# Brief:
Please output the listing exactly as it stands, but omit any images.

=== Section Start ===

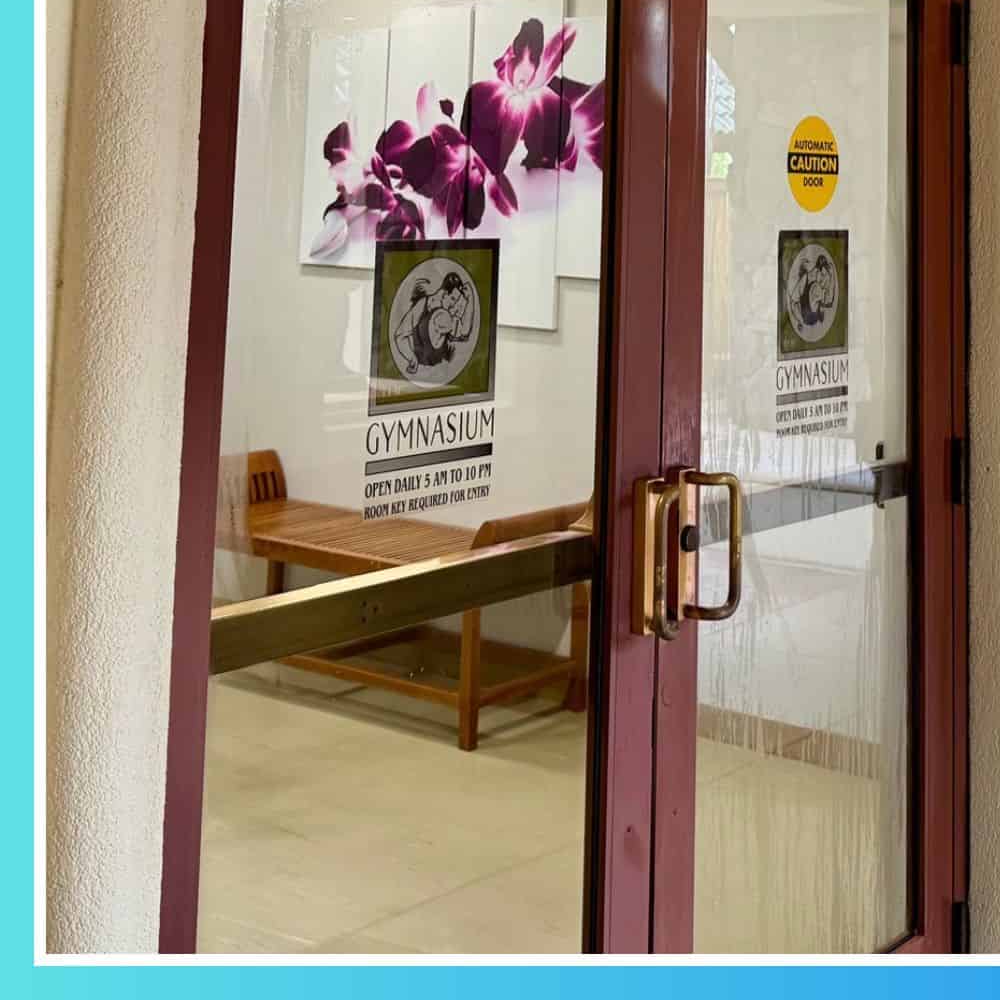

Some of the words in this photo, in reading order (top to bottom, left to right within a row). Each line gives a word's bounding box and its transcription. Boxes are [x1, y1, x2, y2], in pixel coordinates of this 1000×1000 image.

[794, 140, 833, 151] AUTOMATIC
[791, 155, 837, 172] CAUTION
[803, 176, 823, 186] DOOR
[776, 359, 848, 391] GYMNASIUM
[366, 407, 495, 456] GYMNASIUM
[364, 480, 392, 499] OPEN
[394, 473, 422, 493] DAILY
[424, 473, 431, 489] 5
[433, 469, 448, 487] AM
[449, 467, 463, 484] TO
[465, 466, 476, 480] 10
[478, 462, 492, 479] PM
[363, 503, 390, 521] ROOM
[391, 499, 406, 516] KEY
[408, 492, 448, 511] REQUIRED
[450, 489, 465, 504] FOR
[467, 485, 490, 501] ENTRY
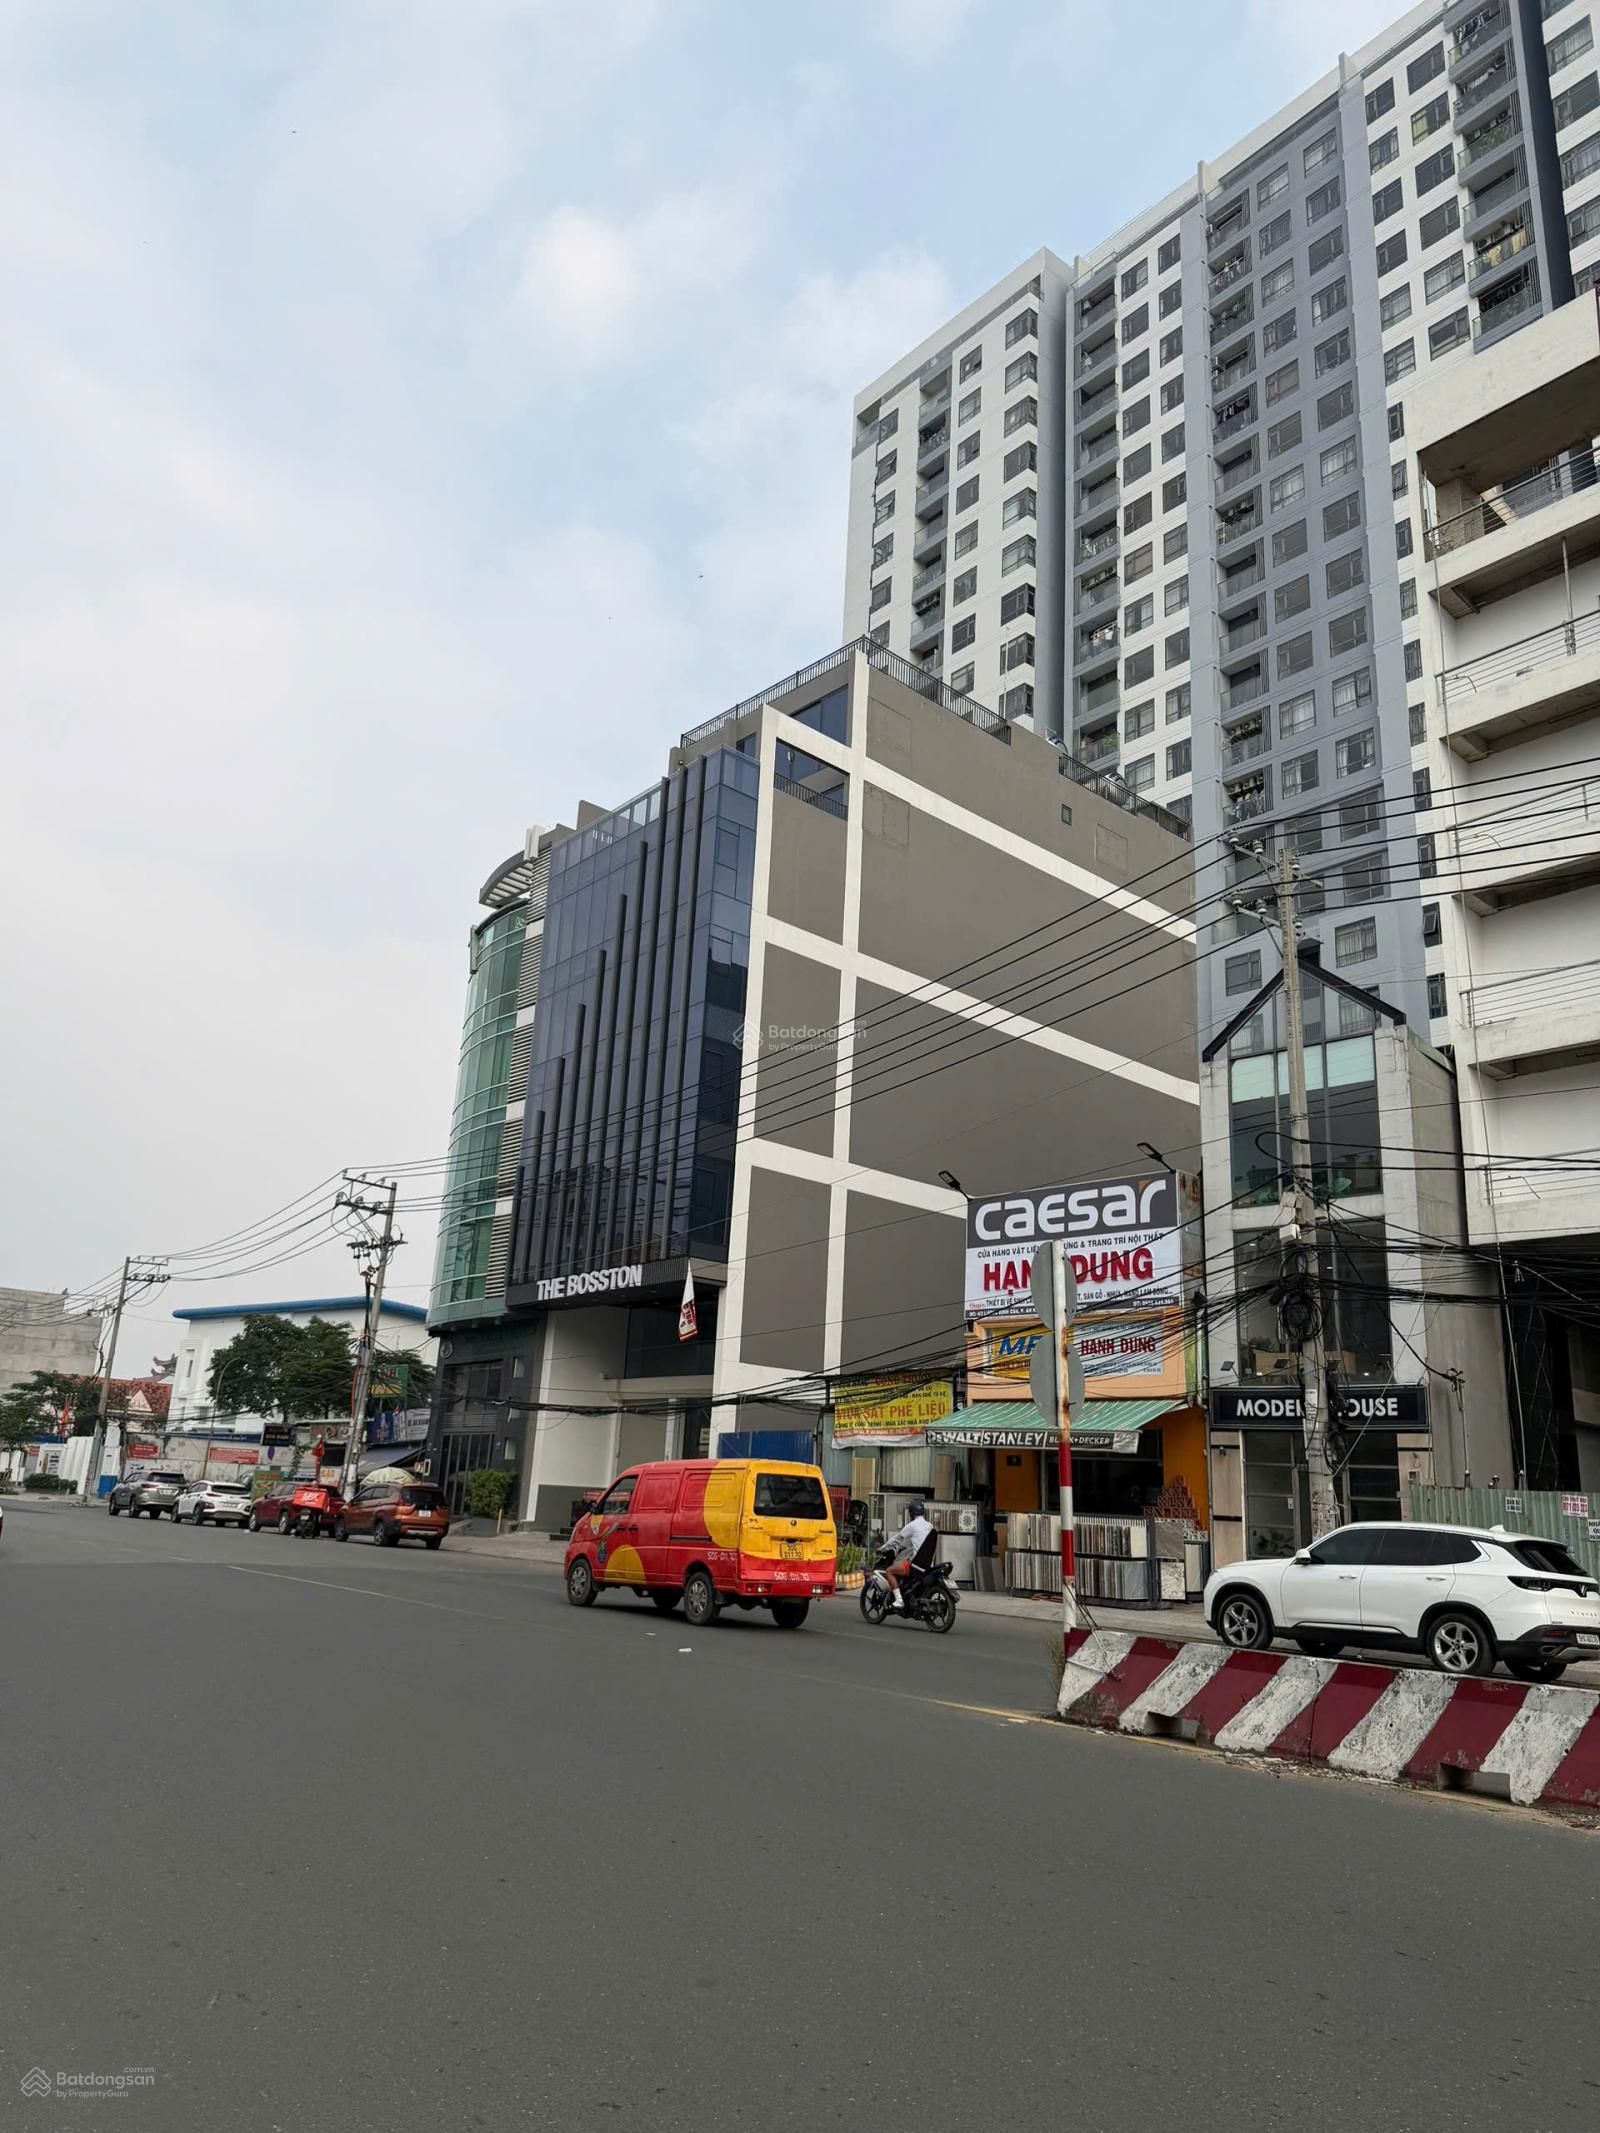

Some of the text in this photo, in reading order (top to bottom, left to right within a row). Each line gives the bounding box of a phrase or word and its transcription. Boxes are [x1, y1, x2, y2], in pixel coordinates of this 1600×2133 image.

[975, 1179, 1167, 1240] caesar
[1080, 1240, 1086, 1248] &
[1088, 1238, 1112, 1248] TRANG
[1113, 1235, 1126, 1245] TRÍ
[1128, 1235, 1141, 1246] NỘI
[536, 1264, 643, 1300] THE BOSSTON
[983, 1247, 1154, 1296] HẠN DUNG
[1236, 1398, 1306, 1417] MODE
[1338, 1397, 1399, 1417] OUSE
[983, 1431, 1044, 1446] STANLEY

=== Section End ===

# Written answer:
Some of the words in this photo, in reading order (top to bottom, left to right within a row). Each line gives a word's bounding box and its transcription. Boxes are [x1, y1, x2, y2], in pixel coordinates of this 1000×1000 image.

[794, 140, 833, 151] AUTOMATIC
[791, 155, 837, 172] CAUTION
[803, 176, 823, 186] DOOR
[776, 359, 848, 391] GYMNASIUM
[366, 407, 495, 456] GYMNASIUM
[364, 480, 392, 499] OPEN
[394, 473, 422, 493] DAILY
[424, 473, 431, 489] 5
[433, 469, 448, 487] AM
[449, 467, 463, 484] TO
[465, 466, 476, 480] 10
[478, 462, 492, 479] PM
[363, 503, 390, 521] ROOM
[391, 499, 406, 516] KEY
[408, 492, 448, 511] REQUIRED
[450, 489, 465, 504] FOR
[467, 485, 490, 501] ENTRY

Some of the text in this photo, in reading order (top to bottom, left to right within a row). Each line gives the bounding box of a phrase or word and its transcription. Boxes are [x1, y1, x2, y2], in pixel coordinates of this 1600×2133 image.

[975, 1179, 1167, 1240] caesar
[1080, 1240, 1086, 1248] &
[1088, 1238, 1112, 1248] TRANG
[1113, 1235, 1126, 1245] TRÍ
[1128, 1235, 1141, 1246] NỘI
[536, 1264, 643, 1300] THE BOSSTON
[983, 1247, 1154, 1296] HẠN DUNG
[1236, 1398, 1306, 1417] MODE
[1338, 1397, 1399, 1417] OUSE
[983, 1431, 1044, 1446] STANLEY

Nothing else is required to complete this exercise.